Directions – When you copy the data, keep every line exactly as written and skip the pictures.

Saved entries –
◆ ◆ ◆ ◆ ◆ ◆ ◆

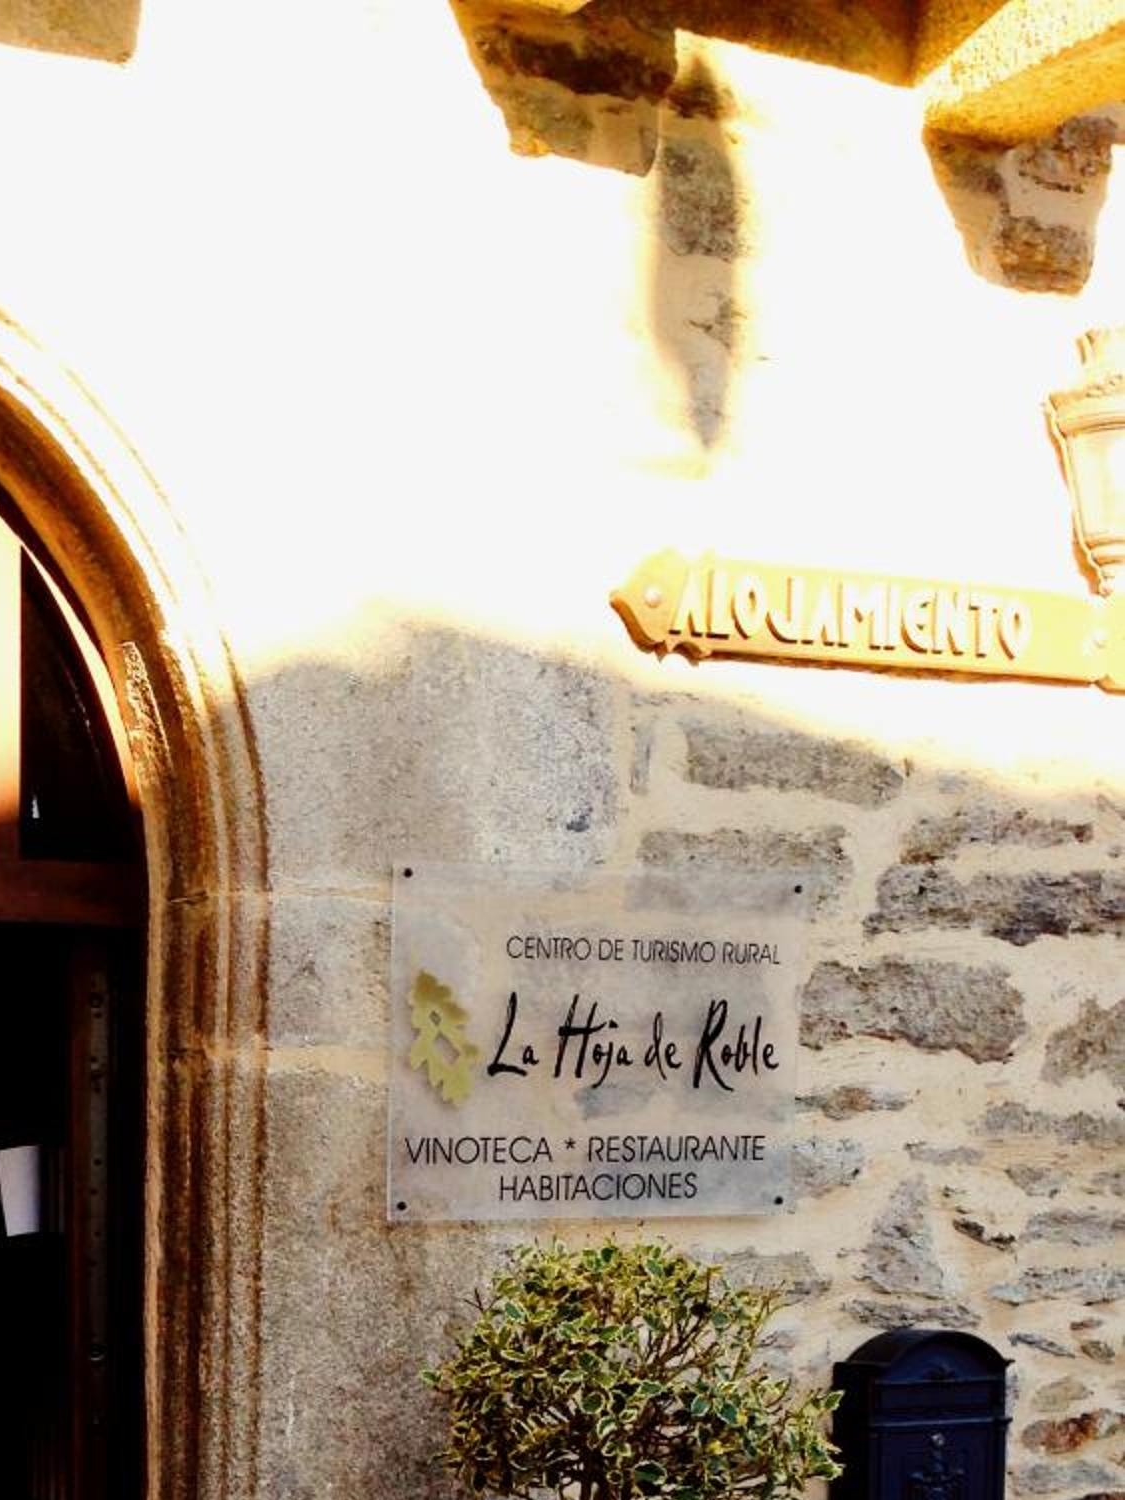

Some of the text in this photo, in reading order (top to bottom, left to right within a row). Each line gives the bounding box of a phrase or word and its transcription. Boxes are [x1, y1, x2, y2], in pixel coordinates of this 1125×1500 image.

[667, 565, 1033, 660] ALOJAMIENTO
[506, 934, 780, 966] CENTRO DE TURISMO RURAL
[487, 991, 780, 1092] La Hoja de Roble
[405, 1135, 766, 1165] VINOTECA RESTAURANTE
[499, 1172, 698, 1201] HABITACIONES
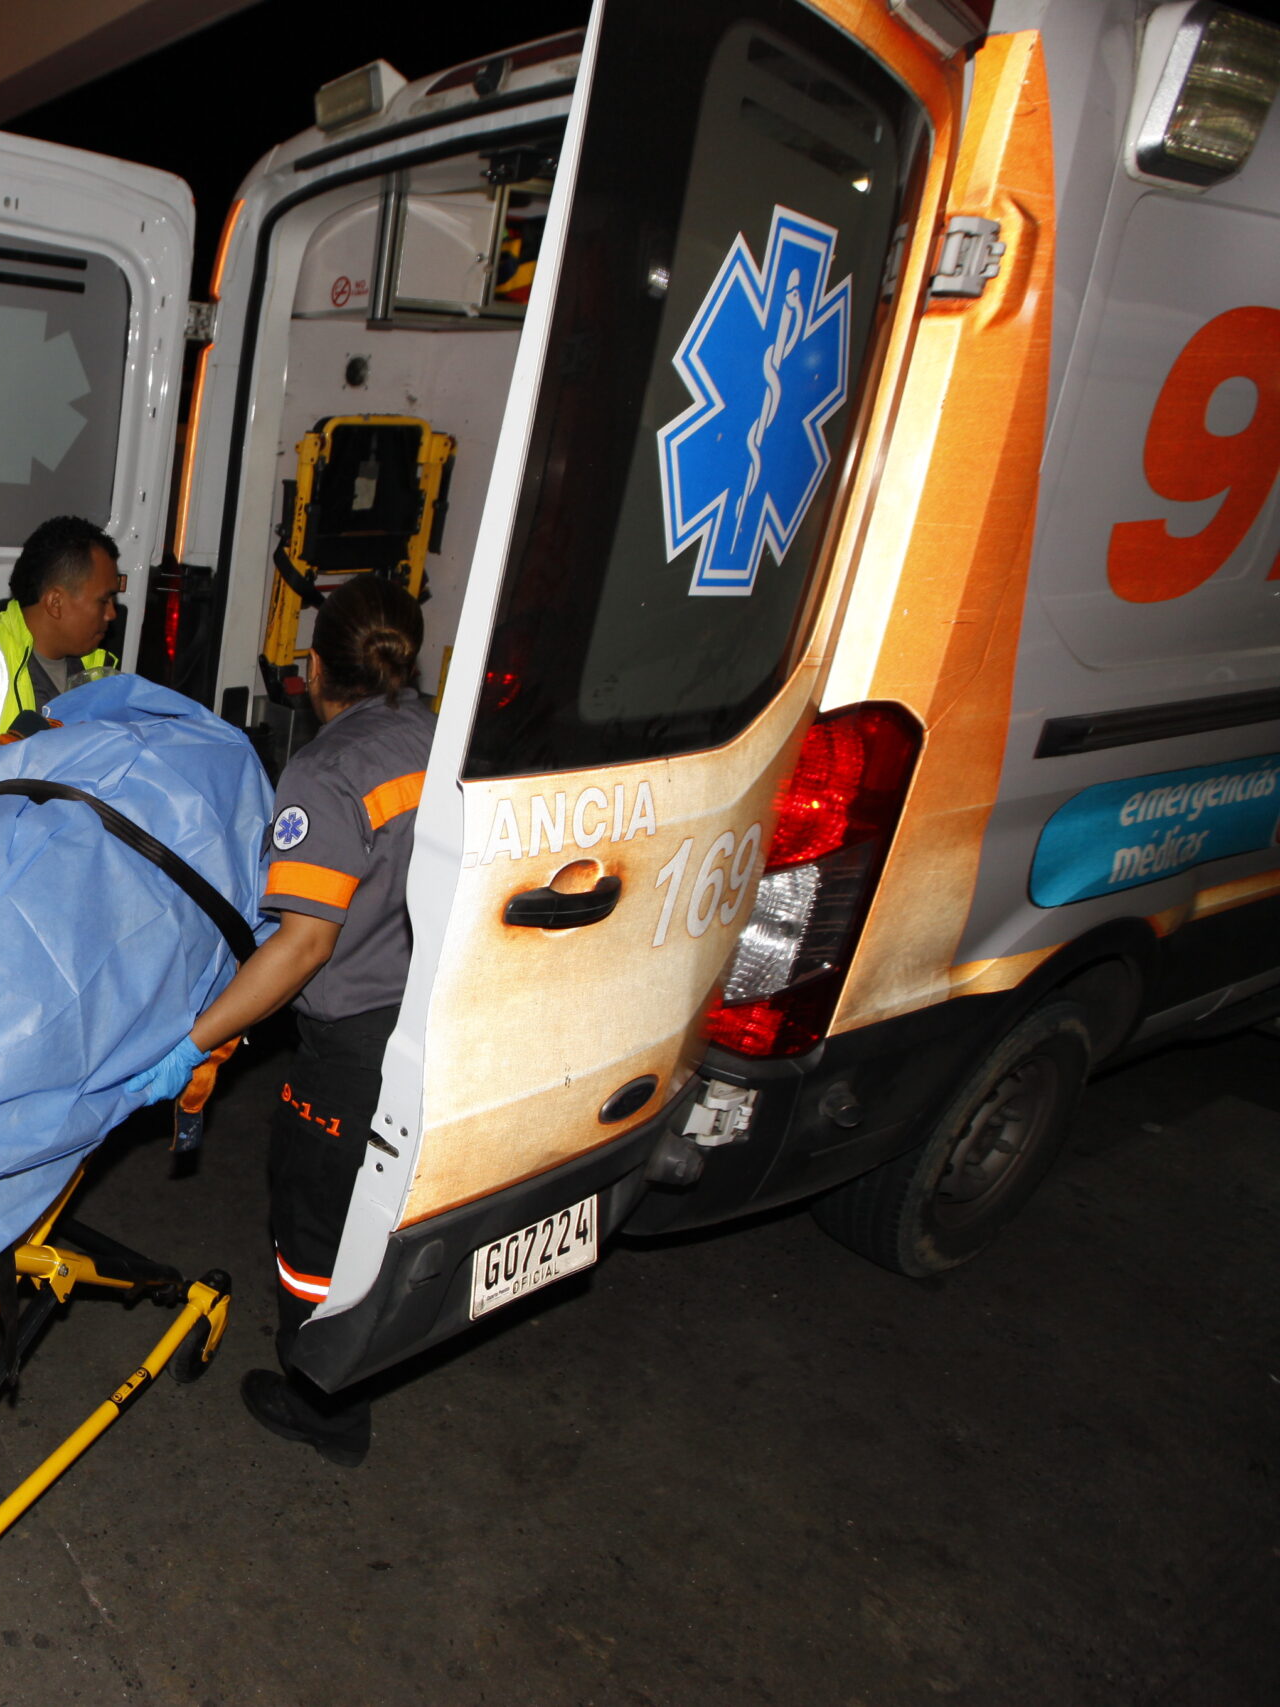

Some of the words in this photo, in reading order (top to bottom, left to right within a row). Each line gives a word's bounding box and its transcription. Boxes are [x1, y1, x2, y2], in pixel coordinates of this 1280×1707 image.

◆ ◆ ◆ ◆ ◆ ◆ ◆

Written reply –
Some of the text in this photo, in reading order (top to bottom, left to right within a row). Each line gives the bounding box of a phrase or word and its transcription. Boxes are [x1, y1, x2, y2], in pixel coordinates of this 1125×1500 image.

[667, 565, 1033, 660] ALOJAMIENTO
[506, 934, 780, 966] CENTRO DE TURISMO RURAL
[487, 991, 780, 1092] La Hoja de Roble
[405, 1135, 766, 1165] VINOTECA RESTAURANTE
[499, 1172, 698, 1201] HABITACIONES

Some of the words in this photo, in reading order (top to bottom, left to right within a row). Each line gives a word's bounding box and its transcription. Boxes are [x1, y1, x2, y2], in pixel coordinates of this 1280×1707 image.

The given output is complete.